Exercise materials below:
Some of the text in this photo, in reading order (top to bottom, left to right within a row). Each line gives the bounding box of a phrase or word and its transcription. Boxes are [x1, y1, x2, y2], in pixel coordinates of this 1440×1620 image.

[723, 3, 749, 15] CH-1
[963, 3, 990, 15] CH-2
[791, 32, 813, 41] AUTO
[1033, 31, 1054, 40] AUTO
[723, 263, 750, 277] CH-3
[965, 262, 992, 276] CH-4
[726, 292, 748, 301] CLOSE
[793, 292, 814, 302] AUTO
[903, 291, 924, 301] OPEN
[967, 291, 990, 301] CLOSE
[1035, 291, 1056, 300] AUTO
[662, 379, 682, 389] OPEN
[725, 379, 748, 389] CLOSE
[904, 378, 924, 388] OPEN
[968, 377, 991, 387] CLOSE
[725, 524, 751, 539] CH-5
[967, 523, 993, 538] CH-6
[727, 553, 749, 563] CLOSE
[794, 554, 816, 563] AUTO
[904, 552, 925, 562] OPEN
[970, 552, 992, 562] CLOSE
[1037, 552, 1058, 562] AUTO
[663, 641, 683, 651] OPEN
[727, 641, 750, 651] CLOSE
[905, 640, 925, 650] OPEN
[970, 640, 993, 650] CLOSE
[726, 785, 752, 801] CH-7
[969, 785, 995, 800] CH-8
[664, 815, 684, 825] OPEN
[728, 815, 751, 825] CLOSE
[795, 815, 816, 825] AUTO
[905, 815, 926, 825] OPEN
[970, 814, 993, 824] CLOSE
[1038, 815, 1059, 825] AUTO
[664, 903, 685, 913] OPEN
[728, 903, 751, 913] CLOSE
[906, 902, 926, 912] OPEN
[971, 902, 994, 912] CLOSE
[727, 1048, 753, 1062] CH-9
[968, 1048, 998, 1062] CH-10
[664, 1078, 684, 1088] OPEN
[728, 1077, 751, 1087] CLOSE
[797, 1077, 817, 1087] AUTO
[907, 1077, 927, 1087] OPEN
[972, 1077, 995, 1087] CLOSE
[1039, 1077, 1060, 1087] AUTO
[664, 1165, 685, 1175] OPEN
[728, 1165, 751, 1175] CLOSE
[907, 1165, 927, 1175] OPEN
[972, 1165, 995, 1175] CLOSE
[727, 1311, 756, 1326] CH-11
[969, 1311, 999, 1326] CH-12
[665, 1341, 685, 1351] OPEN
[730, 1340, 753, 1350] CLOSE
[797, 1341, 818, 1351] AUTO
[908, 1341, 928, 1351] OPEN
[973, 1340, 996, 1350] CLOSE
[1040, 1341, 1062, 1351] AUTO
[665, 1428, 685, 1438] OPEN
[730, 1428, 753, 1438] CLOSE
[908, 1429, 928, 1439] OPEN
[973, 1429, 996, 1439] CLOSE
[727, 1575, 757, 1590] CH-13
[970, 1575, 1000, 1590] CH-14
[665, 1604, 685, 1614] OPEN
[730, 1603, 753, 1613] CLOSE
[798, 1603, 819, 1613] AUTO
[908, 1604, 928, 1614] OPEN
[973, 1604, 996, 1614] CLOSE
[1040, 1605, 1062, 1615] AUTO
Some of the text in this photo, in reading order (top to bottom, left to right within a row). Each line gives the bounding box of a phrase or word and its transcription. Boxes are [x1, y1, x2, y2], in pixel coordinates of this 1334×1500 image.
End of Exercise materials.
▶ What to work on
Reproduce the data in full, exactly.

▶ Result
Some of the text in this photo, in reading order (top to bottom, left to right within a row). Each line gives the bounding box of a phrase or word and its transcription. Boxes are [x1, y1, x2, y2], in pixel coordinates of this 1440×1620 image.

[723, 3, 749, 15] CH-1
[963, 3, 990, 15] CH-2
[791, 32, 813, 41] AUTO
[1033, 31, 1054, 40] AUTO
[723, 263, 750, 277] CH-3
[965, 262, 992, 276] CH-4
[726, 292, 748, 301] CLOSE
[793, 292, 814, 302] AUTO
[903, 291, 924, 301] OPEN
[967, 291, 990, 301] CLOSE
[1035, 291, 1056, 300] AUTO
[662, 379, 682, 389] OPEN
[725, 379, 748, 389] CLOSE
[904, 378, 924, 388] OPEN
[968, 377, 991, 387] CLOSE
[725, 524, 751, 539] CH-5
[967, 523, 993, 538] CH-6
[727, 553, 749, 563] CLOSE
[794, 554, 816, 563] AUTO
[904, 552, 925, 562] OPEN
[970, 552, 992, 562] CLOSE
[1037, 552, 1058, 562] AUTO
[663, 641, 683, 651] OPEN
[727, 641, 750, 651] CLOSE
[905, 640, 925, 650] OPEN
[970, 640, 993, 650] CLOSE
[726, 785, 752, 801] CH-7
[969, 785, 995, 800] CH-8
[664, 815, 684, 825] OPEN
[728, 815, 751, 825] CLOSE
[795, 815, 816, 825] AUTO
[905, 815, 926, 825] OPEN
[970, 814, 993, 824] CLOSE
[1038, 815, 1059, 825] AUTO
[664, 903, 685, 913] OPEN
[728, 903, 751, 913] CLOSE
[906, 902, 926, 912] OPEN
[971, 902, 994, 912] CLOSE
[727, 1048, 753, 1062] CH-9
[968, 1048, 998, 1062] CH-10
[664, 1078, 684, 1088] OPEN
[728, 1077, 751, 1087] CLOSE
[797, 1077, 817, 1087] AUTO
[907, 1077, 927, 1087] OPEN
[972, 1077, 995, 1087] CLOSE
[1039, 1077, 1060, 1087] AUTO
[664, 1165, 685, 1175] OPEN
[728, 1165, 751, 1175] CLOSE
[907, 1165, 927, 1175] OPEN
[972, 1165, 995, 1175] CLOSE
[727, 1311, 756, 1326] CH-11
[969, 1311, 999, 1326] CH-12
[665, 1341, 685, 1351] OPEN
[730, 1340, 753, 1350] CLOSE
[797, 1341, 818, 1351] AUTO
[908, 1341, 928, 1351] OPEN
[973, 1340, 996, 1350] CLOSE
[1040, 1341, 1062, 1351] AUTO
[665, 1428, 685, 1438] OPEN
[730, 1428, 753, 1438] CLOSE
[908, 1429, 928, 1439] OPEN
[973, 1429, 996, 1439] CLOSE
[727, 1575, 757, 1590] CH-13
[970, 1575, 1000, 1590] CH-14
[665, 1604, 685, 1614] OPEN
[730, 1603, 753, 1613] CLOSE
[798, 1603, 819, 1613] AUTO
[908, 1604, 928, 1614] OPEN
[973, 1604, 996, 1614] CLOSE
[1040, 1605, 1062, 1615] AUTO
Some of the text in this photo, in reading order (top to bottom, left to right within a row). Each line gives the bounding box of a phrase or word and its transcription. Boxes are [x1, y1, x2, y2], in pixel coordinates of this 1334×1500 image.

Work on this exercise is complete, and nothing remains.